Referring expression grounding data
%%

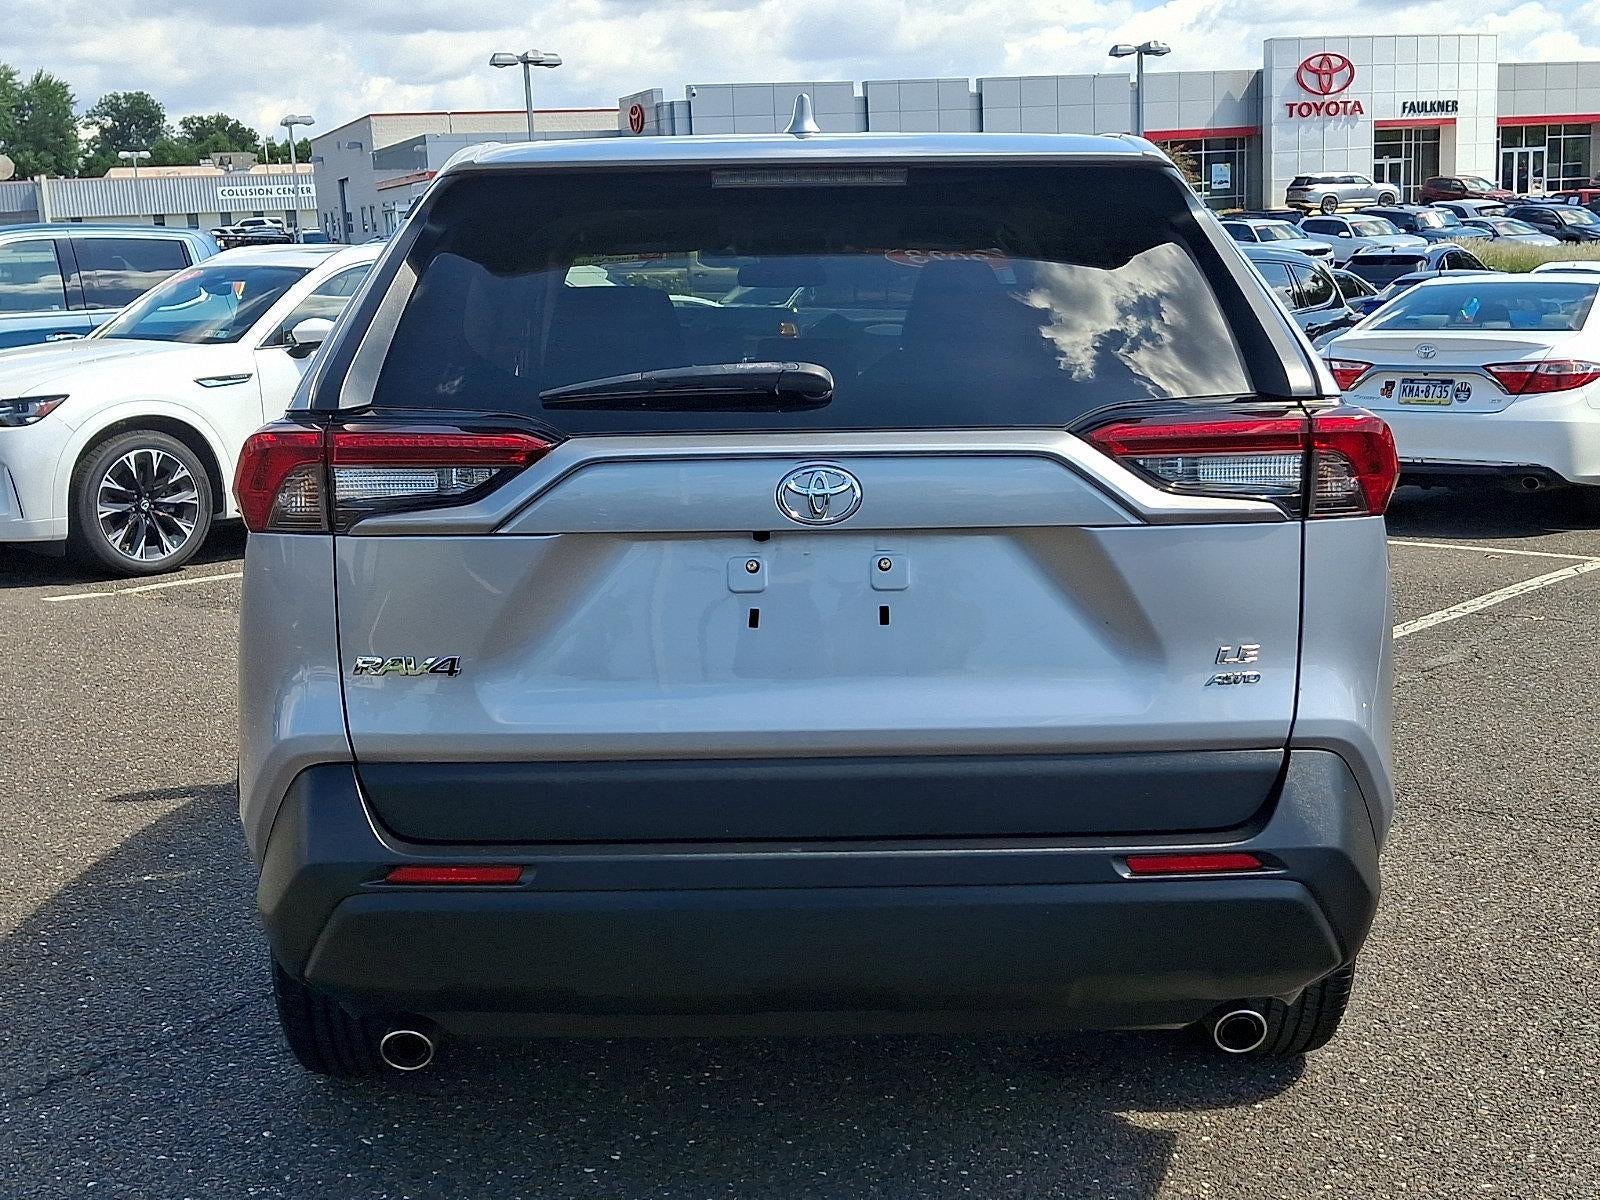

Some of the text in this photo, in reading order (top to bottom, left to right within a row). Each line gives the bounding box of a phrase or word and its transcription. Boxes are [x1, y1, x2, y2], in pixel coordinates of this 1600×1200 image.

[1285, 100, 1364, 118] TOYOTA
[1402, 99, 1459, 115] FAULKNER
[220, 186, 312, 197] COLLISION CENER
[1215, 643, 1261, 664] LE
[353, 655, 462, 678] RAV4
[1204, 670, 1261, 686] AWD

%%

* _BRIEF_: Return the full set of lines above word for word and with no pictures.

* _ANSWER TO THIS TASK_:
Some of the text in this photo, in reading order (top to bottom, left to right within a row). Each line gives the bounding box of a phrase or word and its transcription. Boxes are [x1, y1, x2, y2], in pixel coordinates of this 1600×1200 image.

[1285, 100, 1364, 118] TOYOTA
[1402, 99, 1459, 115] FAULKNER
[220, 186, 312, 197] COLLISION CENER
[1215, 643, 1261, 664] LE
[353, 655, 462, 678] RAV4
[1204, 670, 1261, 686] AWD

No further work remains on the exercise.